Time, Life, and God in John Milton's Poetry
John Milton's poems, "How Soon Hath Time" and "When I Consider How My Light Is Spent" both focus on life and how the time we are given is or should be spent. Milton uses the word "How" in both the titles and I cant help but wonder "Is there something to examine there?" How by itself is a question of is it possible, and if so then what needs to be done to make it possible. It, in this case is time: Is time possible or better yet, is it possible to stop time? If so then how will it be accomplished? What needs to happen to cause time to stop? Milton uses the speaker in this poem to explain a way of looking at time and how quickly time really does fly by. In these two poems the speakers refer to God as the, "Taskmaster", "Maker", and "Patience." The importance of God in the speakers' life is reflected in these two poems. The way both these poems are written it seems as if the speaker is the same person and also as if these poems were written to be read in an order as if, "When I Consider How My Light Is Spent", is a continuance of the poem, "How Soon Hath Time." Because of the similarities of these two poems it seems as if the speaker for each of these poems was Milton himself.
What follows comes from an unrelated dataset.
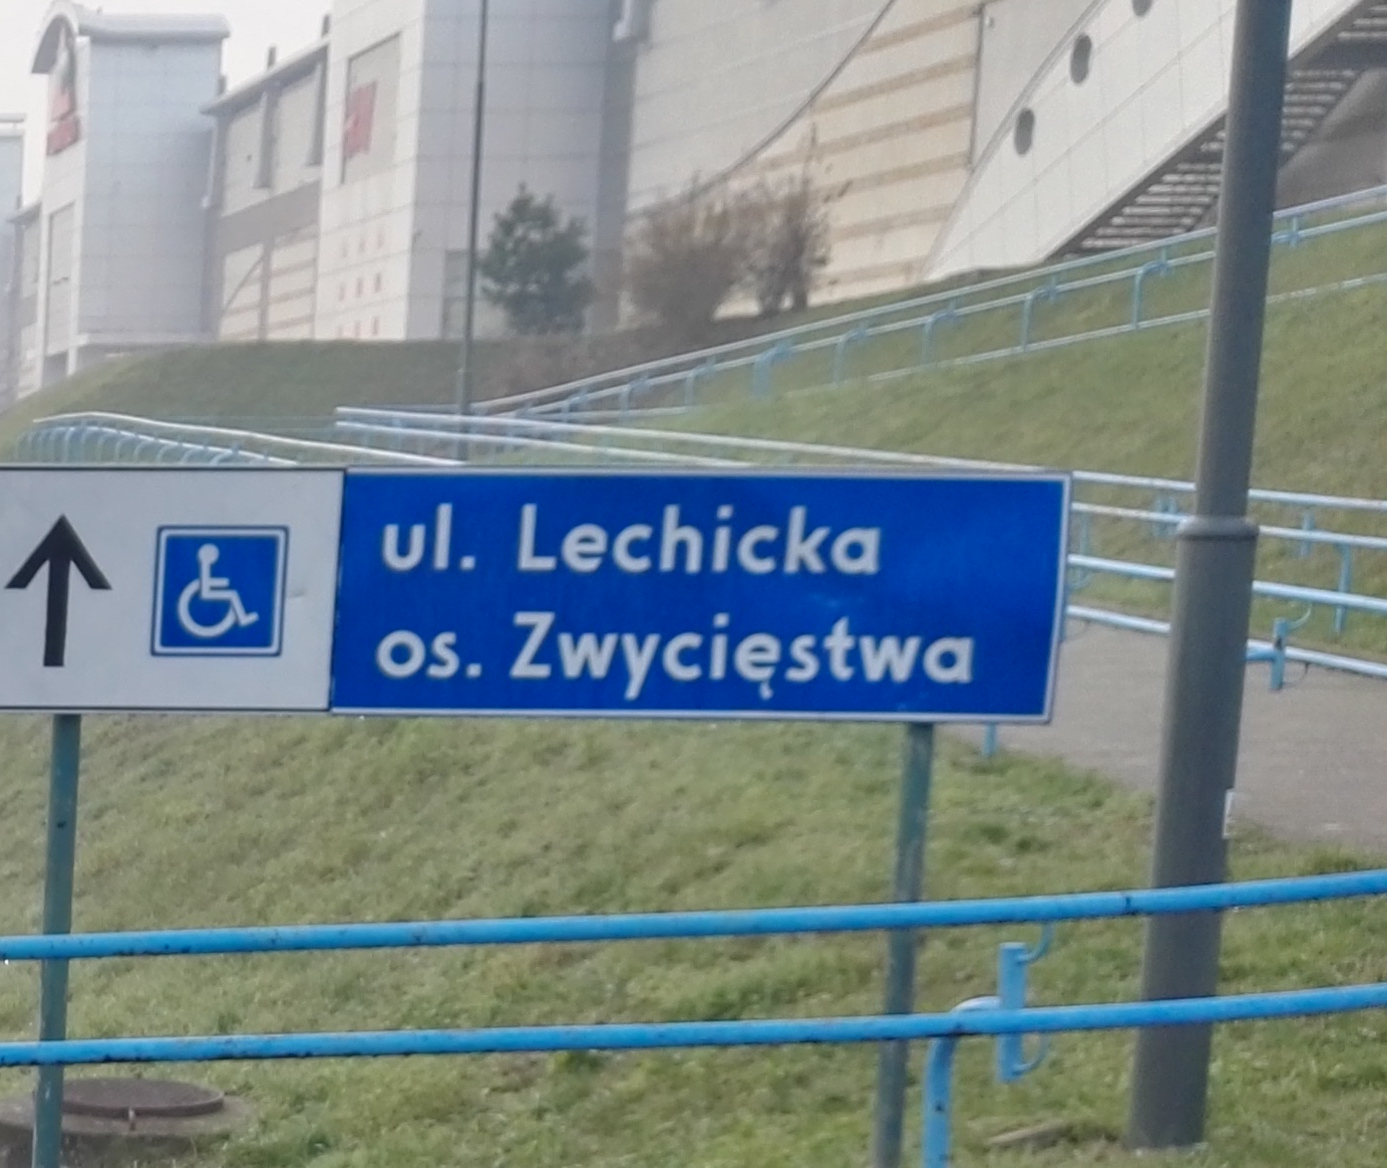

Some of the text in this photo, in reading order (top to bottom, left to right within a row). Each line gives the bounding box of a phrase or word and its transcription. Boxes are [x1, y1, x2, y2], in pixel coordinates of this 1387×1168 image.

In the two poems Milton explains that time is short and for him (the speaker), he wants to live by the will of God. The speaker explains how he believes God wants him to live and even though he doesn't like time going by so quickly he has accepted it and he respects what God wants for his life. Milton uses personification and references to God in both poems to not only set a mood, but also to show the reader a perspective of how one man, looks at the time that has passed him by and how he believes he should live his life.
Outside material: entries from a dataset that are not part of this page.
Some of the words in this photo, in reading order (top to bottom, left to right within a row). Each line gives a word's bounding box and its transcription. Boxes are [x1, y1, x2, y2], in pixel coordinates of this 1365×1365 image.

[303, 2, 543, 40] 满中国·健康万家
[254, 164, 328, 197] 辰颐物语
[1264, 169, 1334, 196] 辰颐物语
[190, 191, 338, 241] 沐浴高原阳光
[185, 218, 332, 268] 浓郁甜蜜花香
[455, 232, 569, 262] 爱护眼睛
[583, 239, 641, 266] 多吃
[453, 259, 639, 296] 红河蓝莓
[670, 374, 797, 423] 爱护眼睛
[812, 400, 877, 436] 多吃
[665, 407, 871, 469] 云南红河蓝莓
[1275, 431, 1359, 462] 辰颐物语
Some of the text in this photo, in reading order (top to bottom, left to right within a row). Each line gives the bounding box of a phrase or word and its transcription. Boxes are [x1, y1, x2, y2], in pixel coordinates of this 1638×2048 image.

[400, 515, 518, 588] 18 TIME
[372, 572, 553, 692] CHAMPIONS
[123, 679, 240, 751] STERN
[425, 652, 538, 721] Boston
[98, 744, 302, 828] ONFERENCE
Milton's "How Soon Hath Time", is a focus on the quickness of our life. In lines one and twelve Milton uses personification by capitalizing the word time to gives the reader a picture of time as a person instead of just a period or living being. The dictionary refers to time as, "A nonspatial continuum in which events occur in apparently irreversible succession from the past through the present to the future."(Dictionary). "Apparently irreversible", this statement is interesting because using the word apparently still leaves some room for question. Word does that mean? Does that mean we can change time or the events that have occurred in that time? Milton doesn't seem to think that is possible. Because Milton further emphasizes his point when in the first line he personifies time but this time referring to time as the "thief of youth," which reflects somewhat of a bitter tone because time has passed so quickly. This personification the "thief if youth" also parallels and agrees with the dictionary definition of time, the fact that time is irreversible. It appears to the reader that the speaker is very bitter about time passing so quickly and perhaps he feels as if his time has been stolen from him.